South Bay non ha particolari attrattive, a parte i chioschi che cucinano il whitebait (frittura di immature fish, avanotti), un tizio che vi mostra come si tosa (lo chiamano shearing; è anche una disciplina sportiva nella quale i neozelandesi sono campioni del mondo…) una pecora, una colonia di foche pelose e un mare freddo e agitato. E a parte le uscite di whale watching, che sono splendidamente organizzate, ancorché spesso cancellate per il maltempo. Fuori dal quartier generale dell’azienda che organizza le uscite ci sono infatti continui aggiornamenti sulle condizioni del mare e io ho vissuto ore d’ansia, prima di decidere di prenotare 2 uscite, non si sa mai.
Il capodoglio non è la balena più facile da osservare. A South Bay lo individuano facilmente, perché le barche sono dotate di sonar e anche il capodoglio ha un sonar interno che gli permette di individuare le prede. Ma quando sale, sfiata per qualche minuto e poi resta sostanzialmente immobile.

Lo spettacolo della coda di Taiki che si immerge
Lo spettacolo della coda di Taiki che si immerge

In entrambe le uscite siamo stati sulle tracce di Taiki, un giovane capodoglio di 20 anni (questa balena vive anche fino a 80 anni e continua a crescere fino a 50) che ha appena raggiunto la pubertà e quindi è piuttosto vivace, e del più anziano Big Neck. Quando quest’ultimo emerge, è veramente impressionante. Sarà infatti 15 metri e la barca gli arriva veramente vicino. E’ agevole osservare il suo manto grigio, e Big Neck ci permette anche di avere un’idea dell’enorme testa del capodoglio (il cervello pesa anche 9 chili) e della bocca, la cui parte inferiore da più l’impressione di una sega, che di una mandibola. Lo sfiatatoio è stranamente (rispetto alle altre balene) vicino alla parte frontale della testa e spostato sulla sinistra. Non ha una vera e propria pinna dorsale, ma una serie di escrescenze sul dorso, una delle quali veniva chiamata gobba dai balenieri.

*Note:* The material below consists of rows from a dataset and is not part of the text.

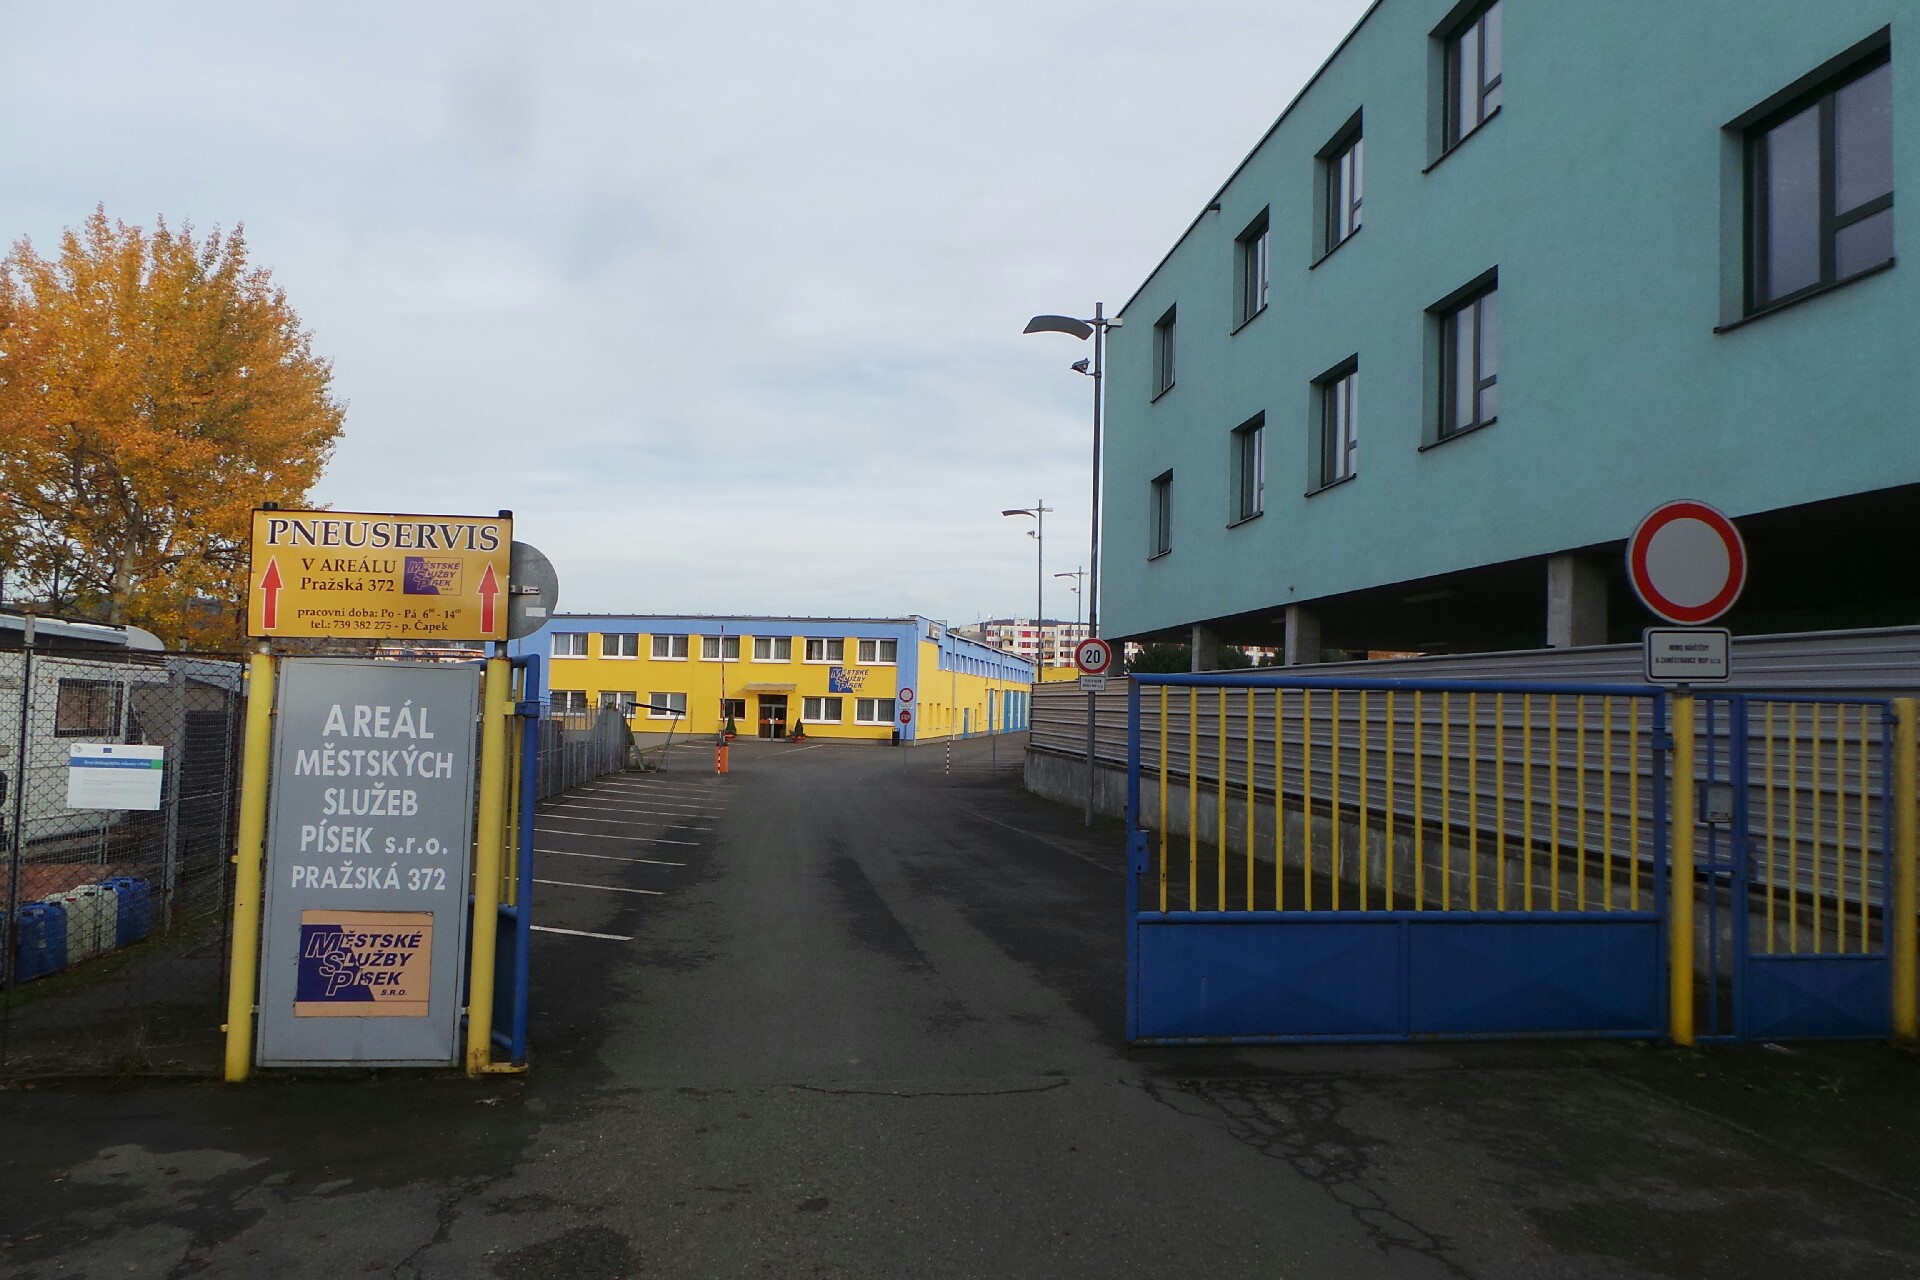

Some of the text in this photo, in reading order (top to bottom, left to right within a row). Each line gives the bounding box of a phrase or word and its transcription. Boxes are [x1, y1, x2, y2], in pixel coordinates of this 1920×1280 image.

[266, 518, 500, 552] PNEUSERVIS
[301, 556, 397, 574] V AREÁLU
[301, 578, 395, 593] Pražská 372
[297, 607, 345, 619] pracovní
[348, 608, 378, 618] doba:
[381, 608, 394, 618] Po
[404, 608, 417, 619] Pá
[311, 620, 331, 629] tel.:
[333, 620, 351, 630] 739
[354, 620, 371, 630] 382
[374, 621, 392, 630] 275
[401, 623, 411, 633] p.
[414, 620, 448, 633] Čapek
[1085, 649, 1101, 664] 20
[322, 699, 434, 739] AREÁL
[294, 742, 453, 779] MĚSTSKÝCH
[323, 782, 419, 816] SLUŽEB
[300, 818, 448, 855] PÍSEK s.r.o.
[291, 861, 446, 890] PRAŽSKÁ 372
[305, 931, 423, 958] MĚSTSKÉ
[319, 951, 413, 977] SLUŽBY
[380, 988, 407, 997] S.R.O.

Taiki ci dà invece le spalle. Ma non è un atto che prendiamo per maleducazione.  Come ho annotato sul mio diario di allora: “Taiki fa un movimento lento e maestoso e poi si immerge, permettendoci di realizzare foto memorabili”. La sua coda triangolare va infatti altissima e ci dà un’immagine indimenticabile.
Quando il capodoglio si prepara a immergersi, praticamente prende la rincorsa. Si dà la spinta anche 3 volte, resta con la coda sospesa e poi sparisce nell’abisso.

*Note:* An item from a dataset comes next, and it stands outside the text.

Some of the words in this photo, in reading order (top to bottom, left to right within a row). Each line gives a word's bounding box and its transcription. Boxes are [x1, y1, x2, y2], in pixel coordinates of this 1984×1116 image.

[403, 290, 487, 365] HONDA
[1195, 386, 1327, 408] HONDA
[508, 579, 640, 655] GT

Si balla parecchio, specie quando si sale al punto più alto della barca per fotografarlo. Osservare un capodoglio è insomma sconsigliabile a chi soffre di mal di mare.
Nel viaggio di ritorno verso South Bay è facile incontrare i giocherelloni dusky dolphins, ma anche squali (noi incrociamo un velocissimo mako) o le orche (che da noi non si sono fatte vedere). I biologi di bordo ci mostrano immagini di episodi non frequenti, tipo l’attacco delle orche al quale accennavamo prima.

L’uomo è il peggior nemico del capodoglio. A parte la pesca, per fortuna proibita quasi ovunque,  i cavi telefonici transoceanici a volte intrappolano il capodoglio e lo fanno morire annegato. Oltre a questo e alle onde radio che gli mandano in tilt il sonar, il capodoglio può anche morire per la banale malattia da decompressione, se risale troppo alla svelta.
Sono questi alcuni dei motivi per cui se ne trovano spesso in decomposizione sulle spiagge. L’ultimo caso è quello di un cucciolo che si è spiaggiato a Livorno domenica 16 febbraio.